> _Your goal_: Your answer must be the exact lines from the one holding "Some of the words" through the end of the entries, with no pictures.
+ + + +
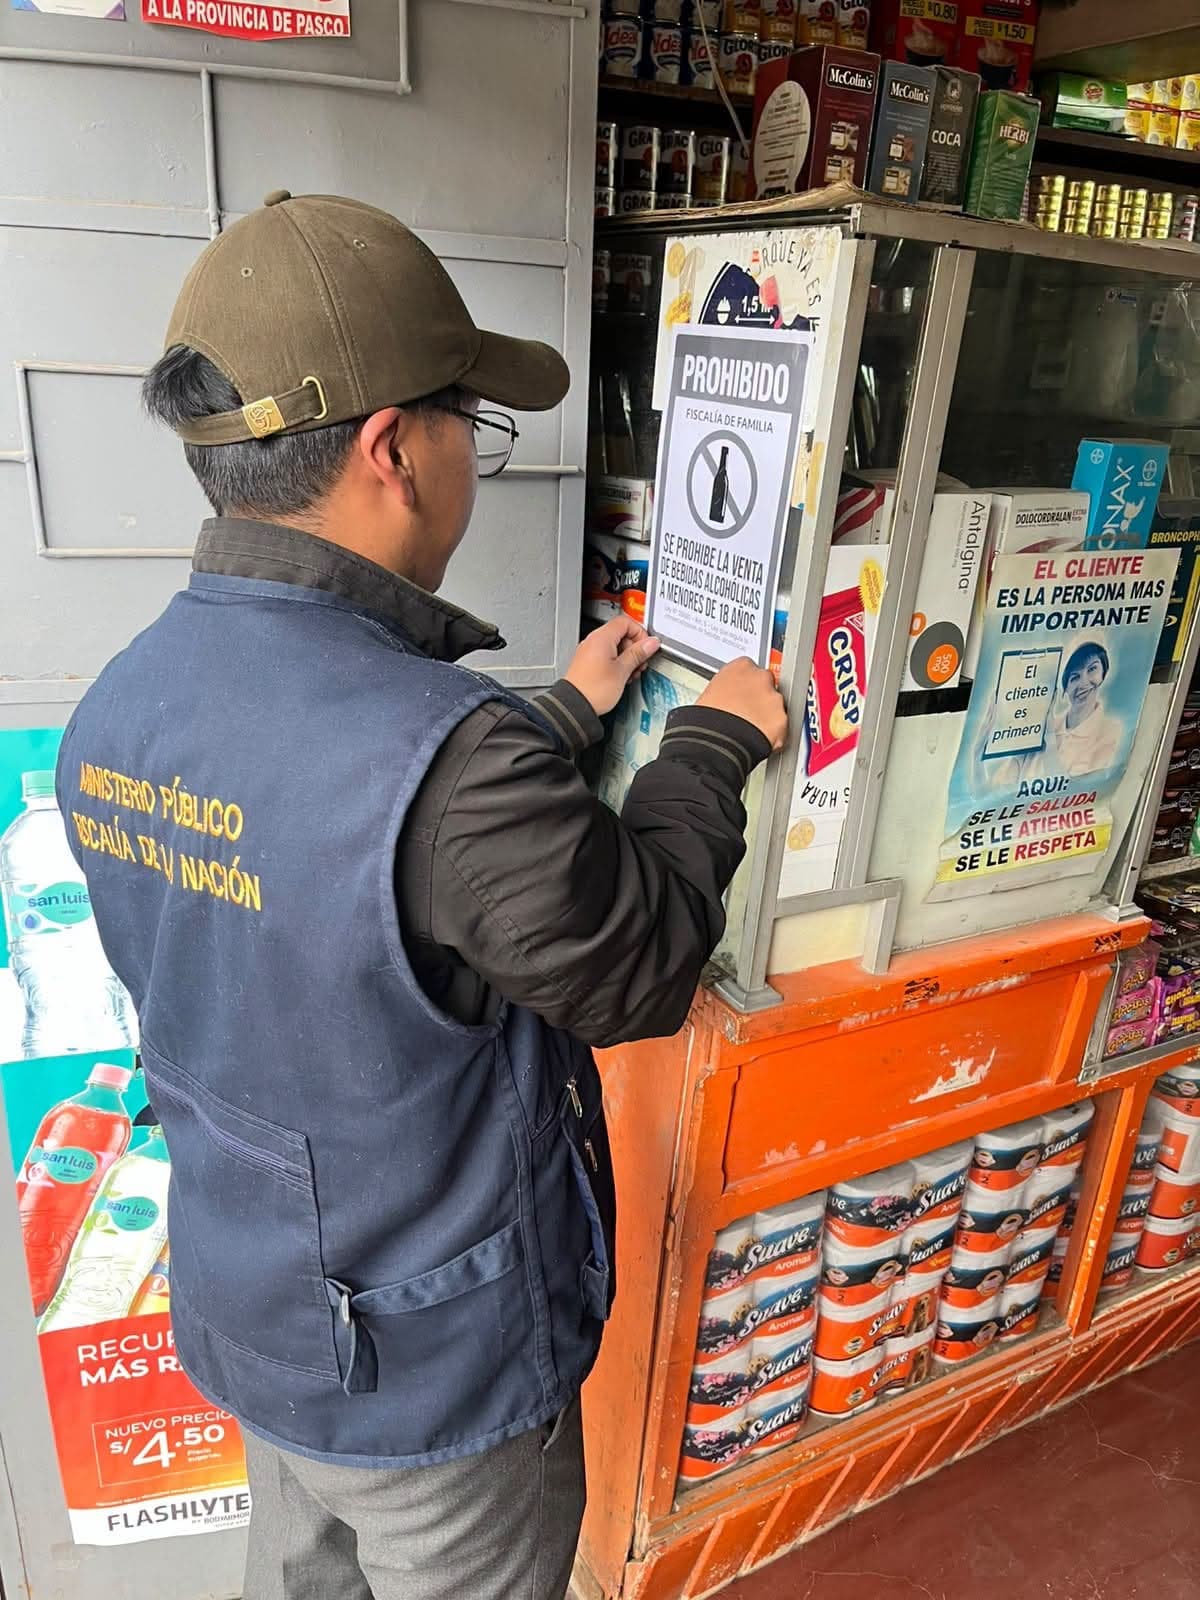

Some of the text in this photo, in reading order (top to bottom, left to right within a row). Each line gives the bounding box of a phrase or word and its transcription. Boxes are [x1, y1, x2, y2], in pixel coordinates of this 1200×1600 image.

[148, 0, 344, 36] A LA PROVINCIA DE PASCO
[829, 68, 873, 90] McColin's
[890, 81, 930, 103] McColin's
[931, 130, 961, 147] COCA
[681, 354, 790, 405] PROHIBIDO
[685, 406, 774, 434] FISCALÍA DE FAMILIA
[663, 532, 763, 586] SE PROHIBE LA VENTA
[958, 500, 986, 591] Antalgina
[1034, 556, 1144, 580] EL CLIENTE
[660, 556, 761, 610] DE BEBIDAS ALCOHÓLICAS
[997, 579, 1166, 608] ES LA PERSONA MAS
[659, 579, 665, 599] A
[666, 581, 704, 614] MENORES
[705, 597, 717, 619] DE
[719, 603, 729, 624] 18
[730, 605, 757, 636] AÑOS.
[1001, 605, 1152, 634] IMPORTANTE
[829, 629, 860, 725] CRISP
[943, 652, 953, 675] 500
[1025, 665, 1037, 679] El
[1005, 685, 1048, 701] cliente
[1014, 708, 1027, 718] es
[992, 723, 1041, 743] primero
[80, 760, 243, 841] MINISTERIO PÚBLICO
[1017, 775, 1070, 798] AQUI:
[968, 791, 1097, 826] SE LE SALUDA
[960, 809, 1096, 849] SE LE ATIENDE
[72, 811, 136, 863] FISCALÍA
[180, 855, 261, 912] NACIÓN
[955, 831, 1096, 872] SE LE RESPETA
[28, 891, 89, 908] san luis
[40, 1150, 95, 1171] san luis
[105, 1199, 156, 1218] san luis
[744, 1228, 810, 1274] Suave
[774, 1254, 812, 1272] Aromas
[739, 1288, 802, 1338] Suave
[768, 1315, 805, 1332] Aromas
[80, 1355, 183, 1387] MÁS R
[105, 1410, 233, 1439] NUEVO PRECIO
[107, 1493, 250, 1531] FLASHLYTE
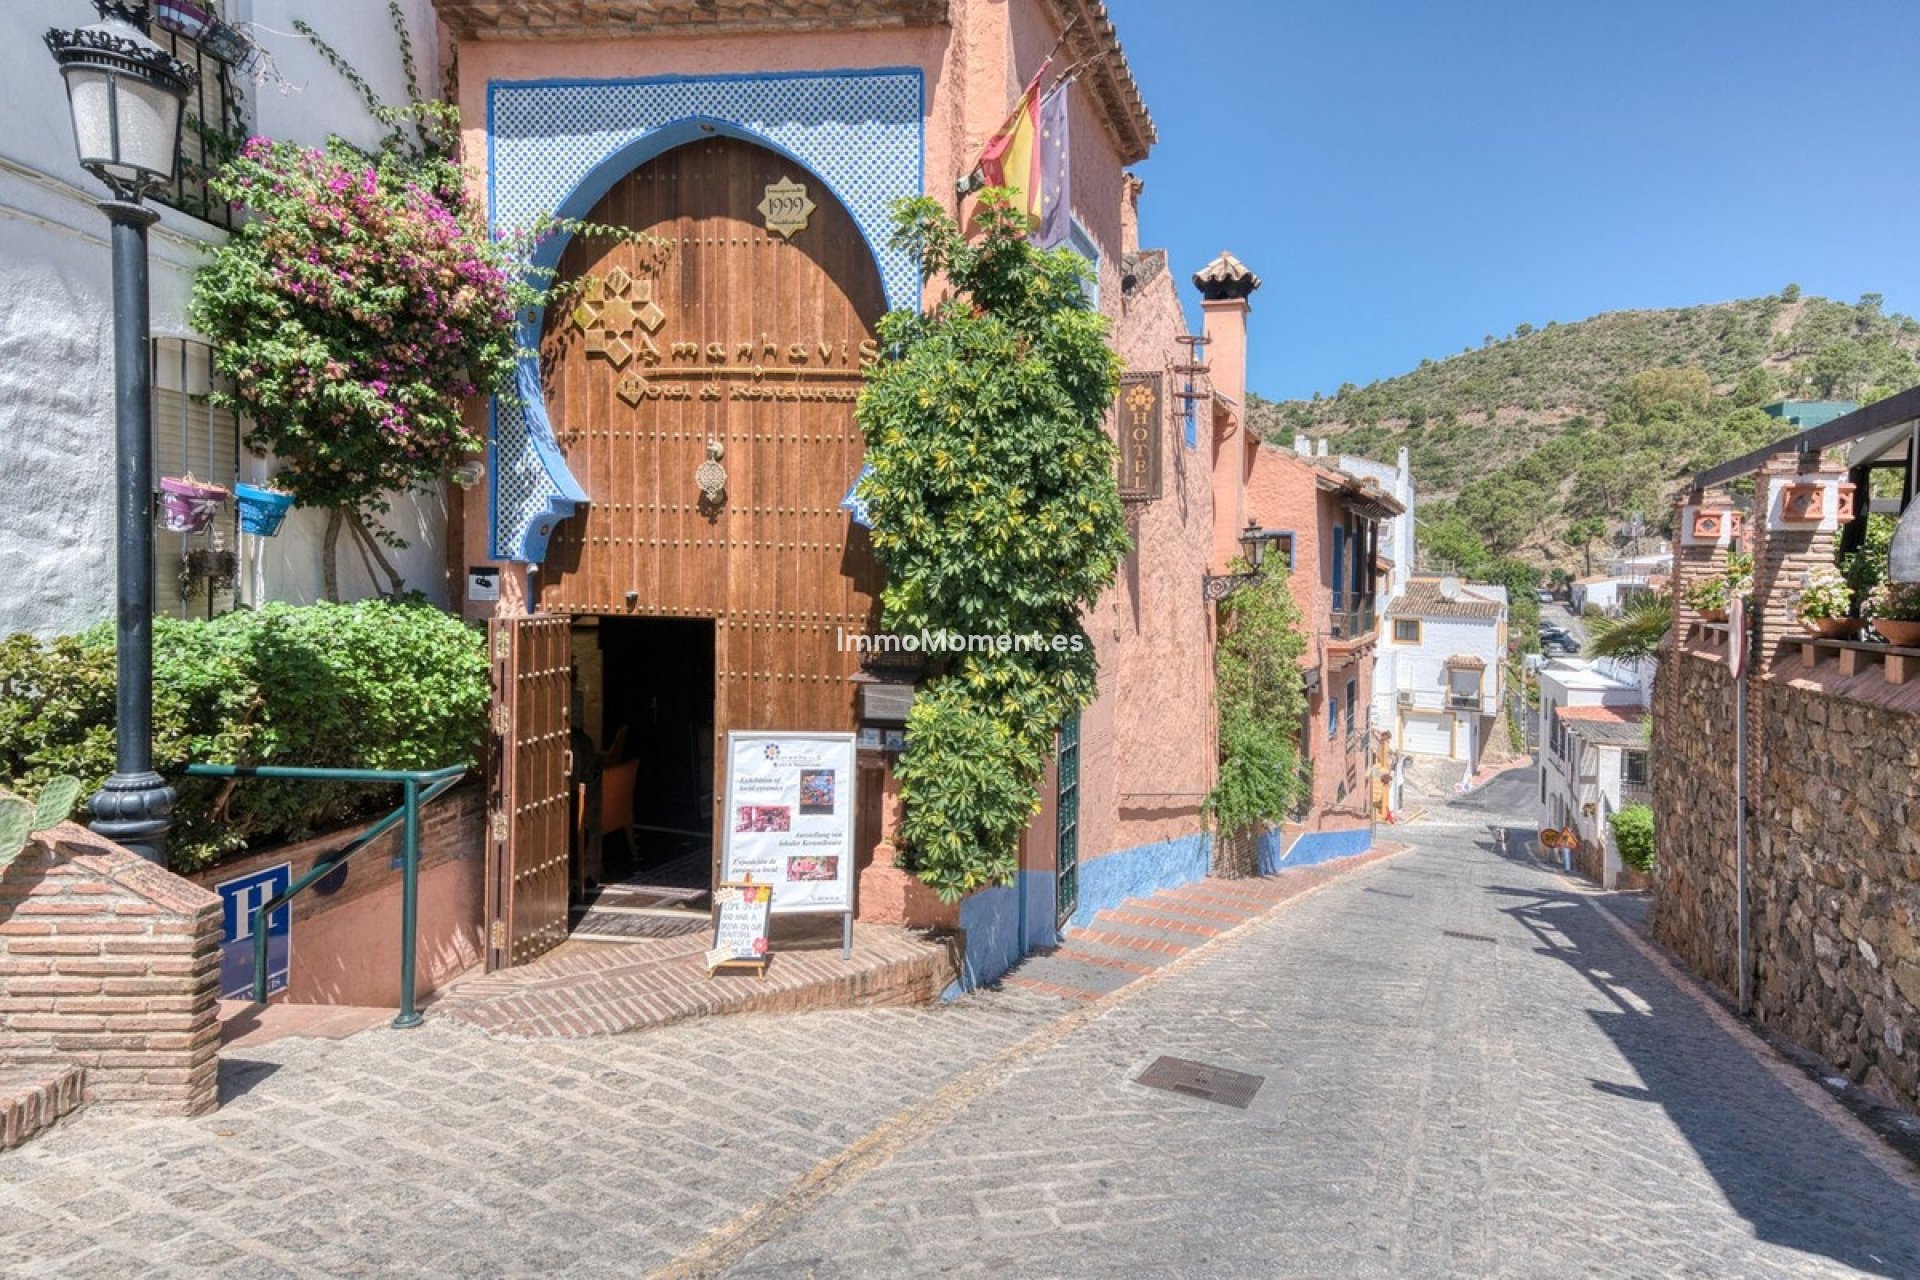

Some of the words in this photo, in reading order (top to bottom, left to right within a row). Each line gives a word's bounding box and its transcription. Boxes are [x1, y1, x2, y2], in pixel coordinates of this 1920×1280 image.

[769, 197, 804, 216] 1999
[699, 383, 720, 397] &
[729, 383, 858, 398] Restauran
[1132, 412, 1148, 489] HOTEL
[231, 877, 278, 944] H
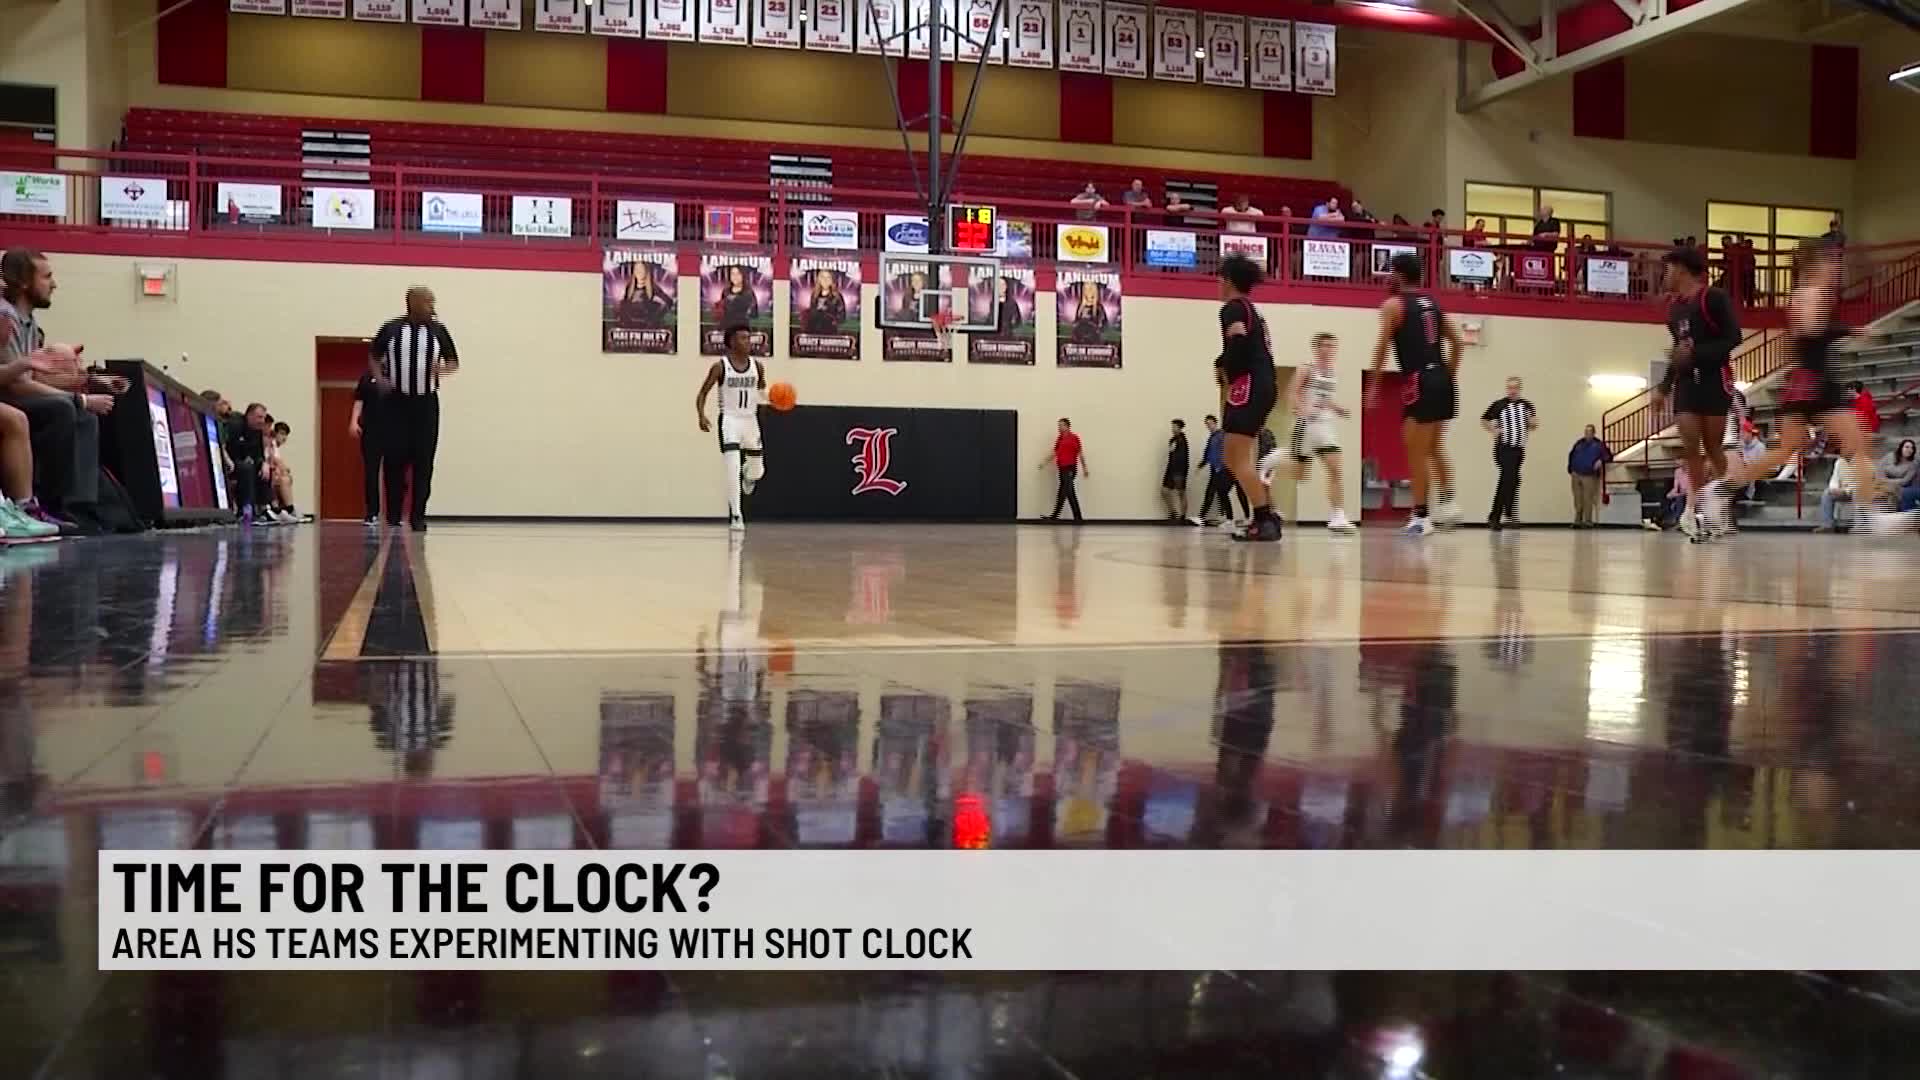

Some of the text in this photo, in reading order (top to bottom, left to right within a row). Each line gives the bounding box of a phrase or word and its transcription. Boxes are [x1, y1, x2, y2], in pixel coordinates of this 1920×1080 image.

[768, 0, 786, 12] 23
[820, 4, 839, 16] 21
[1022, 22, 1039, 33] 23
[1118, 32, 1134, 44] 24
[1263, 46, 1279, 58] 11
[808, 223, 854, 232] LANDRUM
[738, 389, 749, 409] 11
[846, 427, 908, 497] L
+ + + +
> _Result of the task_:
Some of the words in this photo, in reading order (top to bottom, left to right within a row). Each line gives a word's bounding box and its transcription. Boxes are [x1, y1, x2, y2], in pixel coordinates of this 1920×1280 image.

[769, 197, 804, 216] 1999
[699, 383, 720, 397] &
[729, 383, 858, 398] Restauran
[1132, 412, 1148, 489] HOTEL
[231, 877, 278, 944] H

Some of the text in this photo, in reading order (top to bottom, left to right within a row). Each line gives the bounding box of a phrase or word and its transcription. Boxes are [x1, y1, x2, y2], in pixel coordinates of this 1920×1080 image.

[768, 0, 786, 12] 23
[820, 4, 839, 16] 21
[1022, 22, 1039, 33] 23
[1118, 32, 1134, 44] 24
[1263, 46, 1279, 58] 11
[808, 223, 854, 232] LANDRUM
[738, 389, 749, 409] 11
[846, 427, 908, 497] L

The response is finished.